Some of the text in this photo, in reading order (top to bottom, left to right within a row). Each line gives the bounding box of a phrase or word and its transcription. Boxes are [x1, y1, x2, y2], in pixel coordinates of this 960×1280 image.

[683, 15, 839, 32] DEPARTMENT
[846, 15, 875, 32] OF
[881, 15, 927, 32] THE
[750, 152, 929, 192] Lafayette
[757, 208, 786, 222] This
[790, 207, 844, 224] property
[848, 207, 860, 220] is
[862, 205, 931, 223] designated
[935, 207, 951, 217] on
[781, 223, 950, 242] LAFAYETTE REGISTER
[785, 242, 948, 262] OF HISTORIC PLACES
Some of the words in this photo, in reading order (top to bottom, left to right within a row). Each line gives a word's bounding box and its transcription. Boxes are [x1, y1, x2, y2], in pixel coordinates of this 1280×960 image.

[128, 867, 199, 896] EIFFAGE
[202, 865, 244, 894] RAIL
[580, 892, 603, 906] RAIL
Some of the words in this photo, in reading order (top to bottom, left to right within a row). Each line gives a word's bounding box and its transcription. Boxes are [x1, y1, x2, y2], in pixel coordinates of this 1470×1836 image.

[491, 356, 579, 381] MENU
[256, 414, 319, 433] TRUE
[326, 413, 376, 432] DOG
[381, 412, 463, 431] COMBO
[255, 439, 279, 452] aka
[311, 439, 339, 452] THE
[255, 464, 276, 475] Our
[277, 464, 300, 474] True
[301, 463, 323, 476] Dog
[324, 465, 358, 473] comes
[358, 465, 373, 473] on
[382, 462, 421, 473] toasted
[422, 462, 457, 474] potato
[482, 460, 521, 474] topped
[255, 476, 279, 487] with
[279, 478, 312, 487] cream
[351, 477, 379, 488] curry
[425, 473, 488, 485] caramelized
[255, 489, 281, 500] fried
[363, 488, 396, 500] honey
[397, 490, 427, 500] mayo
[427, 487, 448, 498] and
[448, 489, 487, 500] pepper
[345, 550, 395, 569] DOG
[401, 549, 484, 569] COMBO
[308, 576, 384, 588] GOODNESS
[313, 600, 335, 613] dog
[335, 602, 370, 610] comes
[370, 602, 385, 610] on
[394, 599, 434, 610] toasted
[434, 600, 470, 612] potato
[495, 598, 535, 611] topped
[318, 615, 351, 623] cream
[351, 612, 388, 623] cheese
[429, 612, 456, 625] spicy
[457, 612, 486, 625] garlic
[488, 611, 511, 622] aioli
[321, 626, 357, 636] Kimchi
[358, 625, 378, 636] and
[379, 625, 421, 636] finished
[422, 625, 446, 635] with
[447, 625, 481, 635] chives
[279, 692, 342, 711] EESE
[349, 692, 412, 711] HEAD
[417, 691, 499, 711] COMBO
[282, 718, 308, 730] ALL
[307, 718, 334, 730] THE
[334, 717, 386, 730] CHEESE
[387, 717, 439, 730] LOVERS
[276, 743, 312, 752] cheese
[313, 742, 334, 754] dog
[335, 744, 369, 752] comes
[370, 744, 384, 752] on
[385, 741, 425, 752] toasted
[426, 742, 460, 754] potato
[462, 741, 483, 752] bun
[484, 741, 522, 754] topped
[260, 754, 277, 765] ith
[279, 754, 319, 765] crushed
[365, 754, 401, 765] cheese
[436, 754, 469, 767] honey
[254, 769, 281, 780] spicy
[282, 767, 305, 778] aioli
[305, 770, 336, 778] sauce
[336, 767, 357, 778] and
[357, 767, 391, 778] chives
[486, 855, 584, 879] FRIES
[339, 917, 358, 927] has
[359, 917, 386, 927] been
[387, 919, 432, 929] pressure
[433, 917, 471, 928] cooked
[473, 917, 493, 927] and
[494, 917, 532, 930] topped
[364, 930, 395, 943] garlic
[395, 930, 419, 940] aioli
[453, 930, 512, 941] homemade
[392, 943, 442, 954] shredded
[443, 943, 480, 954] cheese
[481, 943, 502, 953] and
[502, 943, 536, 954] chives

•••••

Please retype all of the records, keeping each line exactly as it is.

## Response for this exercise
Some of the text in this photo, in reading order (top to bottom, left to right within a row). Each line gives the bounding box of a phrase or word and its transcription. Boxes are [x1, y1, x2, y2], in pixel coordinates of this 960×1280 image.

[683, 15, 839, 32] DEPARTMENT
[846, 15, 875, 32] OF
[881, 15, 927, 32] THE
[750, 152, 929, 192] Lafayette
[757, 208, 786, 222] This
[790, 207, 844, 224] property
[848, 207, 860, 220] is
[862, 205, 931, 223] designated
[935, 207, 951, 217] on
[781, 223, 950, 242] LAFAYETTE REGISTER
[785, 242, 948, 262] OF HISTORIC PLACES
Some of the words in this photo, in reading order (top to bottom, left to right within a row). Each line gives a word's bounding box and its transcription. Boxes are [x1, y1, x2, y2], in pixel coordinates of this 1280×960 image.

[128, 867, 199, 896] EIFFAGE
[202, 865, 244, 894] RAIL
[580, 892, 603, 906] RAIL
Some of the words in this photo, in reading order (top to bottom, left to right within a row). Each line gives a word's bounding box and its transcription. Boxes are [x1, y1, x2, y2], in pixel coordinates of this 1470×1836 image.

[491, 356, 579, 381] MENU
[256, 414, 319, 433] TRUE
[326, 413, 376, 432] DOG
[381, 412, 463, 431] COMBO
[255, 439, 279, 452] aka
[311, 439, 339, 452] THE
[255, 464, 276, 475] Our
[277, 464, 300, 474] True
[301, 463, 323, 476] Dog
[324, 465, 358, 473] comes
[358, 465, 373, 473] on
[382, 462, 421, 473] toasted
[422, 462, 457, 474] potato
[482, 460, 521, 474] topped
[255, 476, 279, 487] with
[279, 478, 312, 487] cream
[351, 477, 379, 488] curry
[425, 473, 488, 485] caramelized
[255, 489, 281, 500] fried
[363, 488, 396, 500] honey
[397, 490, 427, 500] mayo
[427, 487, 448, 498] and
[448, 489, 487, 500] pepper
[345, 550, 395, 569] DOG
[401, 549, 484, 569] COMBO
[308, 576, 384, 588] GOODNESS
[313, 600, 335, 613] dog
[335, 602, 370, 610] comes
[370, 602, 385, 610] on
[394, 599, 434, 610] toasted
[434, 600, 470, 612] potato
[495, 598, 535, 611] topped
[318, 615, 351, 623] cream
[351, 612, 388, 623] cheese
[429, 612, 456, 625] spicy
[457, 612, 486, 625] garlic
[488, 611, 511, 622] aioli
[321, 626, 357, 636] Kimchi
[358, 625, 378, 636] and
[379, 625, 421, 636] finished
[422, 625, 446, 635] with
[447, 625, 481, 635] chives
[279, 692, 342, 711] EESE
[349, 692, 412, 711] HEAD
[417, 691, 499, 711] COMBO
[282, 718, 308, 730] ALL
[307, 718, 334, 730] THE
[334, 717, 386, 730] CHEESE
[387, 717, 439, 730] LOVERS
[276, 743, 312, 752] cheese
[313, 742, 334, 754] dog
[335, 744, 369, 752] comes
[370, 744, 384, 752] on
[385, 741, 425, 752] toasted
[426, 742, 460, 754] potato
[462, 741, 483, 752] bun
[484, 741, 522, 754] topped
[260, 754, 277, 765] ith
[279, 754, 319, 765] crushed
[365, 754, 401, 765] cheese
[436, 754, 469, 767] honey
[254, 769, 281, 780] spicy
[282, 767, 305, 778] aioli
[305, 770, 336, 778] sauce
[336, 767, 357, 778] and
[357, 767, 391, 778] chives
[486, 855, 584, 879] FRIES
[339, 917, 358, 927] has
[359, 917, 386, 927] been
[387, 919, 432, 929] pressure
[433, 917, 471, 928] cooked
[473, 917, 493, 927] and
[494, 917, 532, 930] topped
[364, 930, 395, 943] garlic
[395, 930, 419, 940] aioli
[453, 930, 512, 941] homemade
[392, 943, 442, 954] shredded
[443, 943, 480, 954] cheese
[481, 943, 502, 953] and
[502, 943, 536, 954] chives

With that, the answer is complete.